The Trump administration’s abrupt, chaotic and sweeping suspension of U.S. foreign aid is placing millions of lives and human rights at risk across the globe. In its research briefing Lives at Risk, released today, Amnesty International examines how the cuts have halted critical programs across the globe, many of which provided essential health care, food security, shelter, medical services, and humanitarian support for people in extremely vulnerable situations, including women, girls, survivors of sexual violence, and other marginalized groups, as well as refugees and those seeking safety.
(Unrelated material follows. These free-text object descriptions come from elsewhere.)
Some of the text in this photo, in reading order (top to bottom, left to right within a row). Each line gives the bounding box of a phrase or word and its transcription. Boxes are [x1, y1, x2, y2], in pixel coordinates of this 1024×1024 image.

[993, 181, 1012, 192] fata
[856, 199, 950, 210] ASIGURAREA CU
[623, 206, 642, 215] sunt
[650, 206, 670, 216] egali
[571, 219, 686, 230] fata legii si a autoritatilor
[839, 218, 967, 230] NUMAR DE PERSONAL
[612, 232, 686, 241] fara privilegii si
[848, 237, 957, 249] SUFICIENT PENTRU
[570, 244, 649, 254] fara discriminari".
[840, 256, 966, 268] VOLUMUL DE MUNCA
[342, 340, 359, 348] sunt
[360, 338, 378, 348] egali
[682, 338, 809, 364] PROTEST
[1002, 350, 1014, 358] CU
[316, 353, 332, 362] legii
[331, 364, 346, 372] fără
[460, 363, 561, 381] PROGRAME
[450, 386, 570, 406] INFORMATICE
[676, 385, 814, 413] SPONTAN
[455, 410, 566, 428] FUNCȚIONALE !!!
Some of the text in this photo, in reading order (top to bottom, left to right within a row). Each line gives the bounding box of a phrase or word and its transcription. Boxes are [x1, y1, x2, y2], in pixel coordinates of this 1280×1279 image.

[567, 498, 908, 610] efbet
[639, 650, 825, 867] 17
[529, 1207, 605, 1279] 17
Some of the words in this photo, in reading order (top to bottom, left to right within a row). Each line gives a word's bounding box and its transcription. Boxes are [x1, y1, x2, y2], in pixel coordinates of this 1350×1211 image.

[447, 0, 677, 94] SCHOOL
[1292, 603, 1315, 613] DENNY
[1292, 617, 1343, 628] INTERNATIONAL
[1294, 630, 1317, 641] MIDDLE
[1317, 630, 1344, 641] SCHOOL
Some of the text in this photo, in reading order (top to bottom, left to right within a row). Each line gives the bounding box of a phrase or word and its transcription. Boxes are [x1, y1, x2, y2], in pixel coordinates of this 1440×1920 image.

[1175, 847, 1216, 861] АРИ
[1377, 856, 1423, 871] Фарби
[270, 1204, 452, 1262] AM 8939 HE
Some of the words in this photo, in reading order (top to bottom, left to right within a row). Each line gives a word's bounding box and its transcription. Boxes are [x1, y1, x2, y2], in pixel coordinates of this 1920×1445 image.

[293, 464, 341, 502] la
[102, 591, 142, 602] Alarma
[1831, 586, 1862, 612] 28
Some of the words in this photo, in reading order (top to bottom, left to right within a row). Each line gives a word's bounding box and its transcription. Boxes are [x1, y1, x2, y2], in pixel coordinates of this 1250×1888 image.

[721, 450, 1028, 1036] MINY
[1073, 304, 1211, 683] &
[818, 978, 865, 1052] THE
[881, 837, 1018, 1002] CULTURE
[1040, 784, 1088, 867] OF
The cuts have come in response to the executive order ‘Reevaluating and Realigning United States Foreign Aid’ issued by President Donald Trump on January 20, 2025, as well as other executive orders that targeted specific groups and programs for cuts. In his testimony on May 21 and 22 in both the U.S. Senate and House of Representatives, Secretary of State Marco Rubio provided weak or incomplete answers about the grave human rights impact of the implementation of this order contrary to the evidence gathered by Amnesty and other organizations. He even erroneously asserted there have been no deaths associated with these cuts. Given the scale of the cuts, the number and extent of robust modeling predicting substantial mortality, and the fact that deaths have been documented already, the assertion that there has not been any death stemming from these cuts defies logic.
Foreign Aid cuts chaotic
“This abrupt decision and chaotic implementation by the Trump administration is reckless and profoundly damaging,” said Amanda Klasing, national director of government relations and advocacy with Amnesty International USA. “The decision to cut these programs so abruptly and in this untransparent manner violates international human rights law which the U.S. is bound by and undermines decades of U.S. leadership in global humanitarian and development efforts. While U.S. funding over the decades has had a complex relationship with human rights, the scale and suddenness of these current cuts have created a life-threatening vacuum that other governments and aid organizations are not realistically able to fill in the immediate term, violating the rights to life and health, and dignity for millions.”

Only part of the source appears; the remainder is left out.